Je remonte des profondeurs de ce blog un article mis en ligne le 26 avril 2012, en écho à celui de Quichottine, Virtuels réédité ce matin de dimanche 8 janvier 2017 et faisant suite à une réédition de Commenter

 

le thème proposé par Enriqueta nécessitait de déborder dans les coulisses de la réflexion. Ma participation pour les CROQUEURS DE MOTS se trouvait dans mon billet intitulé   Fragments d'une chronique japonaise, de Ryoko Sekiguchi.

 

C'est pour ces envies d'à côtés par rapport aux consignes des défis, jeux ou exercices des communautés, et pour m'en tenir (dans le billet principal) à leurs consignes autant que possible, que j'avais créé Coulisses et contrechamps de nos blogs, (vite abandonné par manque d'échos : le concept était je crois mal compris).

 

Pour compléter ou revenir sur un billet plus ancien aussi, préciser ou modifier ce qui y avait été présenté.

 

La possibilité d'y mettre en lumière autrement les commentaires suscités était vite apparu.

Mais peut-être que ces "coups de projecteur" intimidaient-ils : les commentaires se sont raréfiés.Sans décourager les commentaires importuns. Chacun "apprivoisait" les possibilités des blogs et autres moyens d'Internet, leurs inconvénients aussi et les administrateurs des plateformes tatonnaient comme leurs utilisateurs. (ajout du 08/01/2017)

Enriqueta nous avait donc proposé pour ce jeudi en poésie le nom ou l'adjectif  "virtuel"

Voilà un sujet vaste, polysémique, et en pleine mutation en ce qui concerne l'espace numérique qui essaime toujours plus dans nos vies et notre planète.

 

Quand j'ai ouvert mon blog, je l'avais écrit dès mon billet d'accueil comme l'un de mes objectifs ...

 

"Une réflexion sur le réel et le virtuel que je voudrais plus visible."

 

Le nez dans le guidon des itinéraires des communautés que j'aime  suivre, j'ai depuis trop longtemps perdu de vue cette intention ...

 

Pour le jeudi en poésie "virtuel" proposé par Enriqueta pour le défi n°80 des CROQUEURS DE MOTS, j'avais utilisé cette photo pour illustrer quelques fragments d'une "chronique japonaise", de Ryoko Sekiguchi   

 

bureau-tsunami1 - reduc1

 

Une photo prise en France, le 11 mars 2011, loin du littoral et de tout risque de tsunami, bien plus loin encore du Japon.

Elle m'avait été envoyée vers la fin de janvier 2012 pour illustrer les mots que je posais à la fin de mon auto-portrait.

à propos des mille petits riens de la vie,

du monde comme il va

des moyens de chacun pour se protéger un peu

et bâtir son cocon.

 

Je n'avais pas encore lu, ni même acheté, peut-être, "Ce n'est pas un hasard".

 

Quelques jours plus tard, je recevais de la même provenance ceci :

Cette photo reçue en pixels

dans ma boite à courriels,

accompagnée de quelques mots

 

(j'ai resserré le cadrage des deux photos)

 

hiver2012_reel-et-virtuel---reduc1.JPG

 

"la neige va tenir

cette photo pour illustrer le réel et le virtuel"

 

Ce n'était pas écrit exactement comme cela.

 

Ici ce ne sont que des images.
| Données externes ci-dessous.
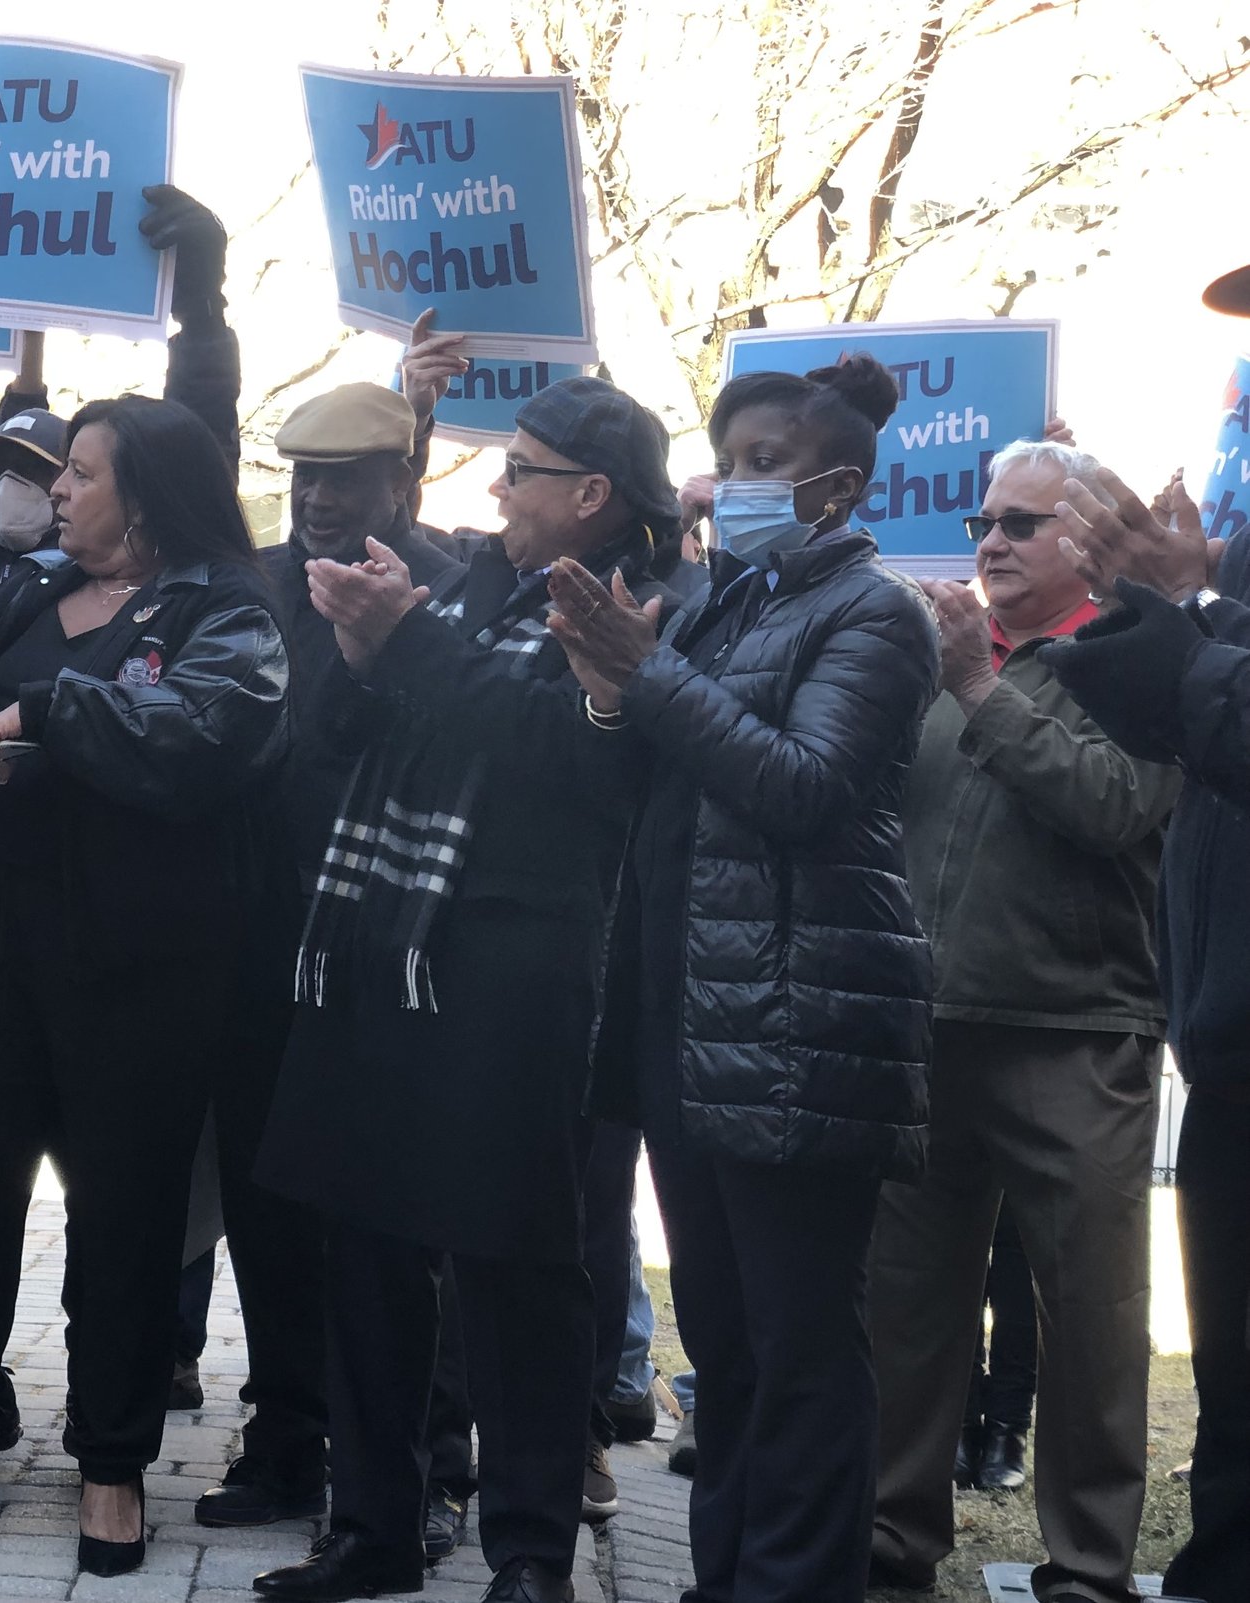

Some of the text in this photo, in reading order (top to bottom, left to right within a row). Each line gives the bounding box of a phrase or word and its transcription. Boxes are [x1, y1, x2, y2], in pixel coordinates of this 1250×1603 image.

[9, 140, 110, 179] with
[395, 118, 475, 166] ATU
[431, 175, 516, 219] with
[349, 222, 538, 294] Hochul
[444, 357, 549, 399] chul
[888, 356, 954, 401] TU
[897, 407, 989, 450] with
[854, 450, 995, 523] chul
Avec fleurs et désastre sur la première, avec neige et vol d'oiseau sur ciel d'été pour la deuxième. 

En haut simultanéité des temps, incompatibilité des événements, arrêt sur image qui figera l'instant tant que des outils permettront de lire l'image prise à ce moment-là, qui n'est plus.

En bas, rencontre de l'hiver et de l'été, d'un jardin de ville et d'un ciel maritime, par la médiation d'un outil informatique. Réunion dans une même image de deux temps et de deux lieux ...

 

Quelques liens pour pour alimenter la réflexion 

virtuel (wikipedia)

réalité virtuelle (wikipedia)

 

et si vous avez envie d'aller encore plus loin l'ouvrage en ligne de Pierre Lévy Sur les chemins du virtuel

Attention !

A l'époque, je ne modérais les commentaires qu'exceptionnellement. Mais le premier m'a mené à une minutieuse vérification que je commente en réponse.
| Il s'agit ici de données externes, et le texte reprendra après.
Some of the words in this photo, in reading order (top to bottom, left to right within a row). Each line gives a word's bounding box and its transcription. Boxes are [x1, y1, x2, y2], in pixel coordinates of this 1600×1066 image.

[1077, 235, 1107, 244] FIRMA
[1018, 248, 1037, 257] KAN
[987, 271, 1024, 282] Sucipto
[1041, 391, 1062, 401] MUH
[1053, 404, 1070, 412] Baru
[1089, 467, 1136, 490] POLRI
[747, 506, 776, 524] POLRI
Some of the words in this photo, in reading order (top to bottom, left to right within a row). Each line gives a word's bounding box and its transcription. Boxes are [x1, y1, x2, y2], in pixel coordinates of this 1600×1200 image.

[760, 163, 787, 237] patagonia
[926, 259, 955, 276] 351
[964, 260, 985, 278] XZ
C'est un spam publicitaire avec lien pour mener à un site aux élucubrations aussi suspectes que trompeuses sous une apparence scientifique.

Je ne peux malheureusement pas le supprimer car dans l'administration, l'accès aux commentaires n'a pas de pagination (ce qui sature la mémoire de mon navigateur puisqu'il faut charger tous les commentaires plus récents) et il n'est pas prévu non plus de pouvoir désactiver leurs liens.
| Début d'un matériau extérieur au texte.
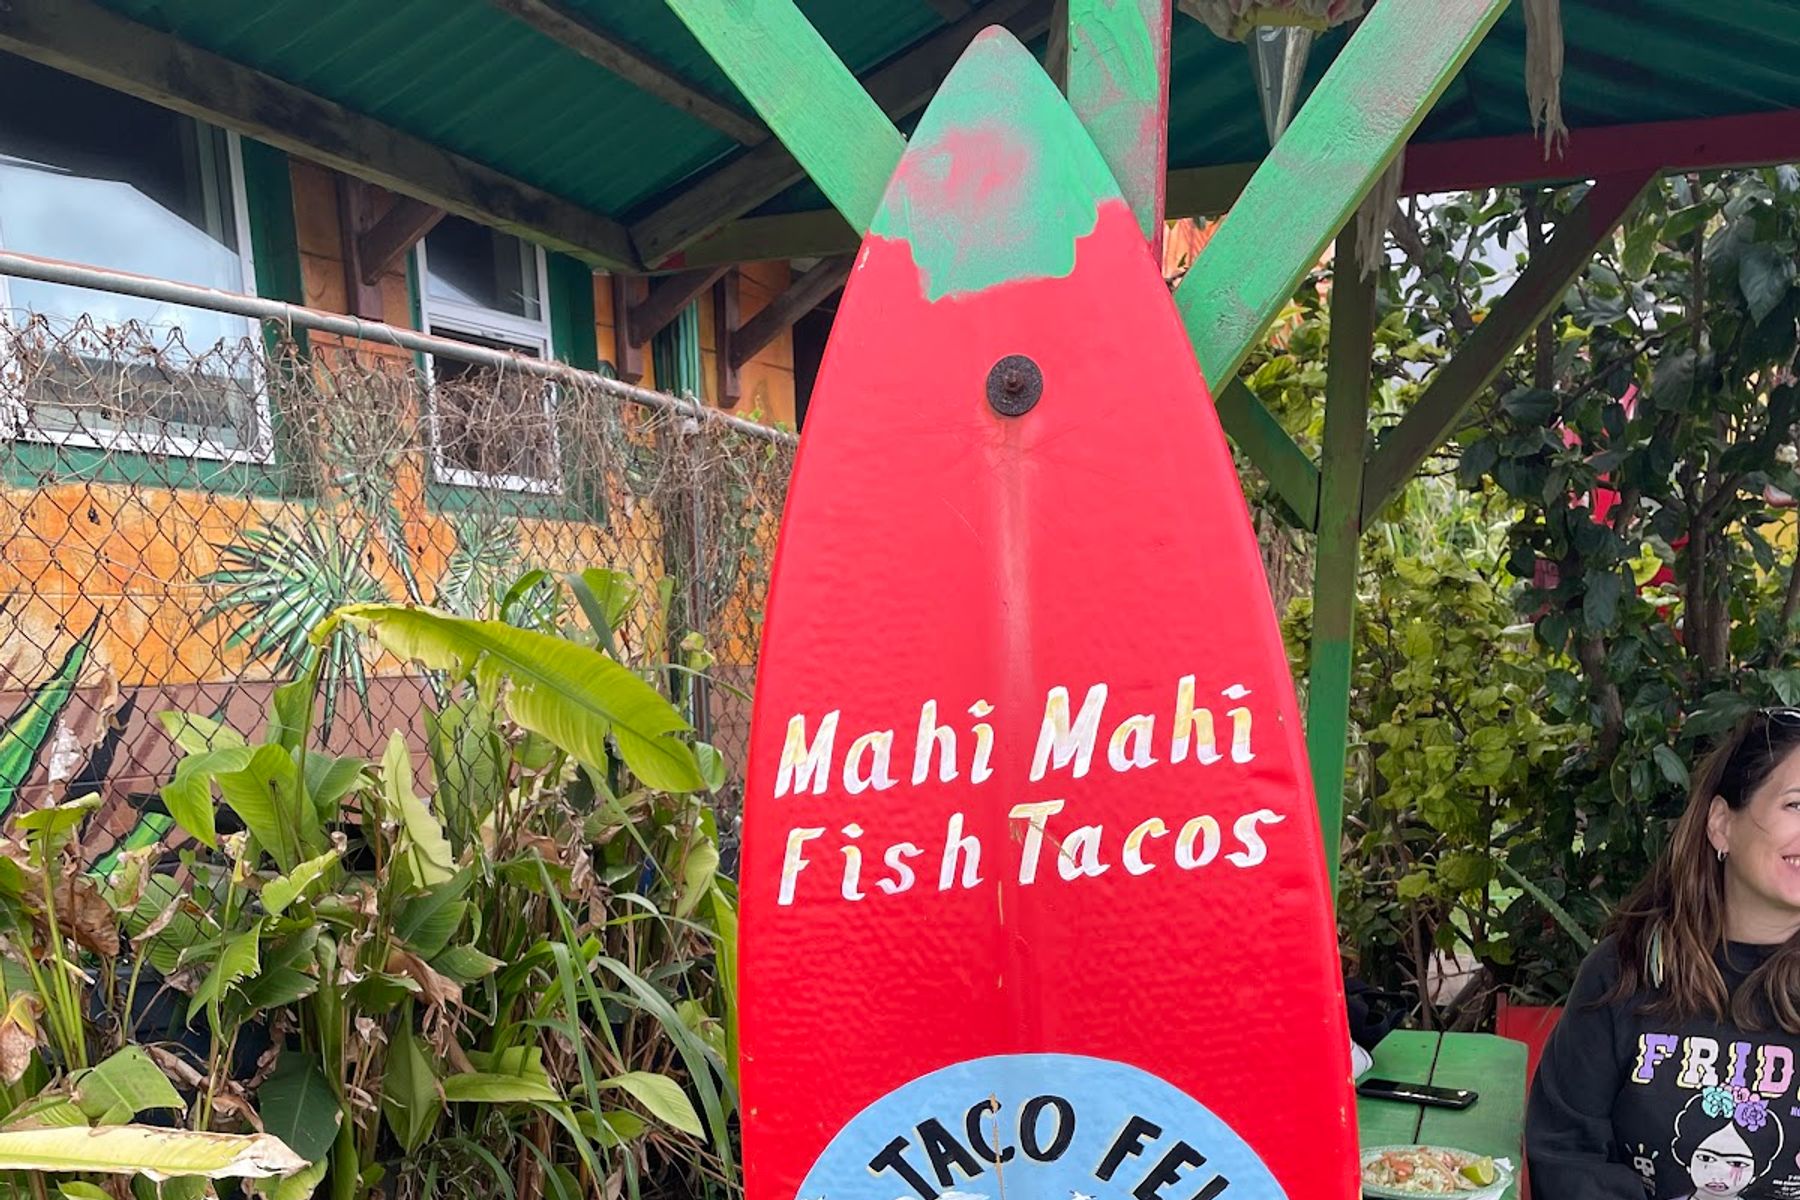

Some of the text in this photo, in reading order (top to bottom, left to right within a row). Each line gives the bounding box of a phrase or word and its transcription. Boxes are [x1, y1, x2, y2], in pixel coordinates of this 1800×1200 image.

[774, 674, 1257, 799] Mahi Mahi
[776, 799, 1287, 906] Fish Tacos
[1630, 1032, 1800, 1098] FRID
Voilà, s'il en était besoin, un aperçu de ce qui nécessite la modération des commentaires dès lors que l'on ne peut les suivre à la seconde* et que l'on aborde le moindre sujet qui peut être sensible.

* Même ainsi, ne jamais perdre de vue que ce qui a été rendu public ne serait-ce que quelques secondes est susceptible d'être relié sur la Toile même si on l'efface.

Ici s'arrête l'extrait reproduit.